R/variable_cp_gibbs_v2.R

Defines functions runmcmc_cpall

Documented in runmcmc_cpall

#'  Estimate posterior distributions for the 0, 1, or 2 changepoint case.
#'
#' This function runs the changepoint functions designed for the cases when there are
#' 0, 1, or 2 changepoints. It then returns a subset of the results that are returned for
#' each function individually. This subset of results is enough to decide the likely number of
#' shoulders, the locations of the shoulders (if they exist), as well as the posterior
#' samples for the changepoints for minimal diagnostic use.

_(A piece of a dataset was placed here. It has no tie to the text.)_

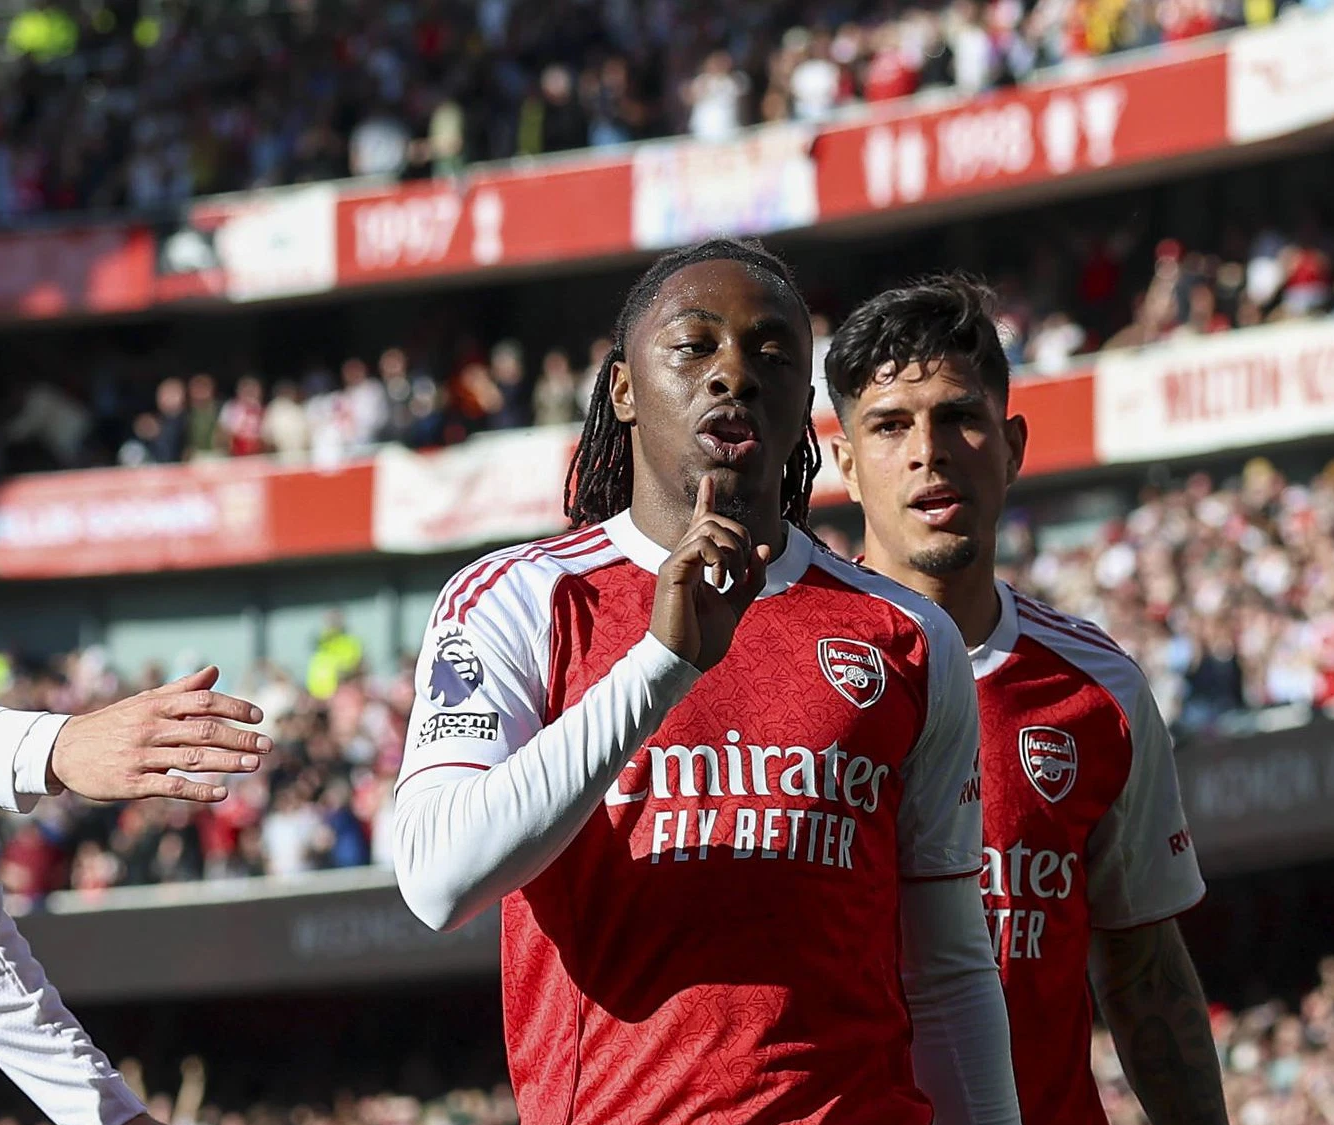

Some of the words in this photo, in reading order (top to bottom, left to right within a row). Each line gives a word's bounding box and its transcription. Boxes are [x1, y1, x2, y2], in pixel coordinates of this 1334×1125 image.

#' @param data Data frame with columns "x" and "y." "x" is a column of the locations of the
#' observed residual values, y.
#' @param iter Number of iterations after warmup.
#' @param start.vals Starting values for the changepoint algorithm. Either NA valued or a named list
#' of lists. If list, the names of the lists should be "cp2","cp1", and "cp0". Each list posessing
#' one of those aforementioned names is a list of starting values identical to what would be given
#' if the changepoint algorithm were to be run with the corresponding number of specified changepoints.

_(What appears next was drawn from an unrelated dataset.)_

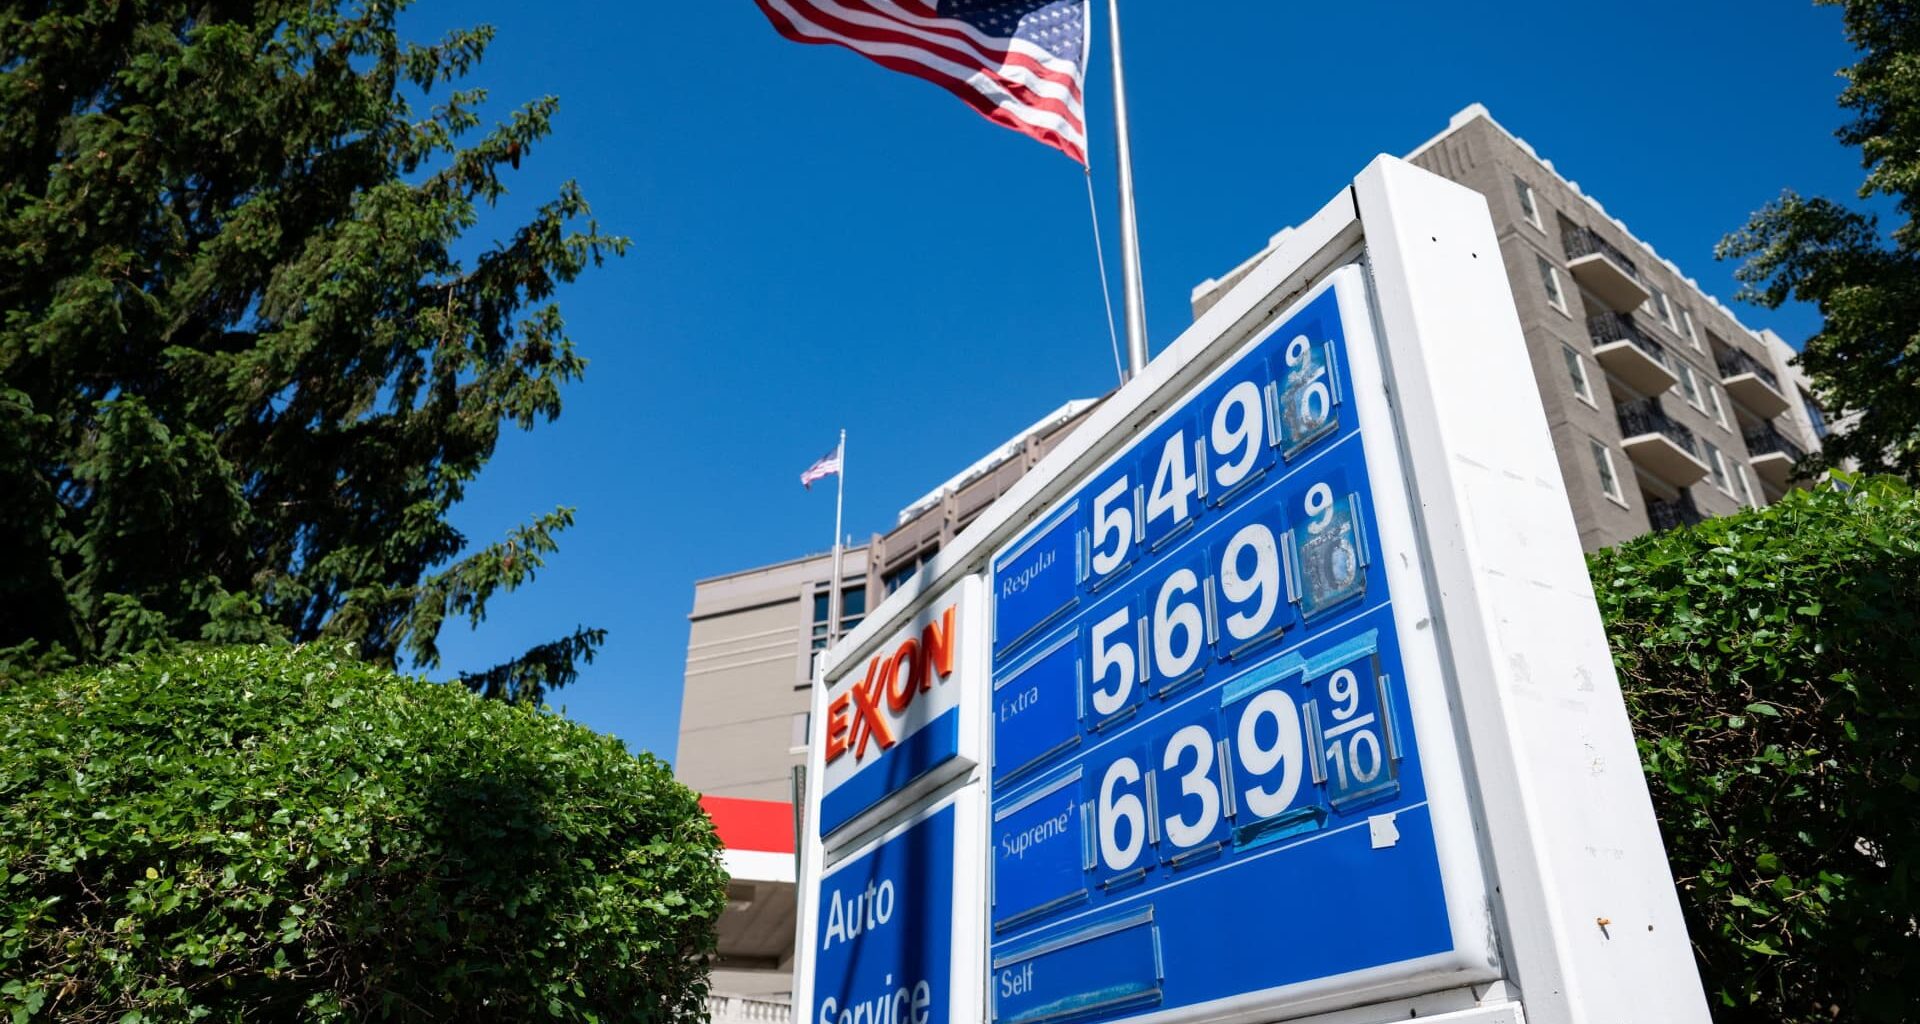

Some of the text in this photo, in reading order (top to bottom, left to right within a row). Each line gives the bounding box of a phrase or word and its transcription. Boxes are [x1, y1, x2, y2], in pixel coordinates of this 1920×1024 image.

#' List with elements "sigma", "l", "cp", "beta", and "intercept." "sigma" and "l"
#'   are 3 element vectors where the first element is for the data on the left groove.
#'   The second element is for the land engraved area, and the third element is for the right groove.
#'   "cp" is the vector of changepoint starting values. "beta" and "intercept" are two element vectors
#'   of the slope and intercept for the left and right groove engraved area respectively. If NA,
#'   default starting values will be used. Note that the changepoint starting values should always be
#'   near the edges of the data.
#' @param prop_var Either NA valued or a list of named lists. If list, the names of the lists should be "cp2","cp1", and "cp0".
#' Each list posessing
#' one of those aforementioned names is a list of proposal covariance matrices identical to what would be given
#' if the changepoint algorithm were to be run with the corresponding number of specified changepoints.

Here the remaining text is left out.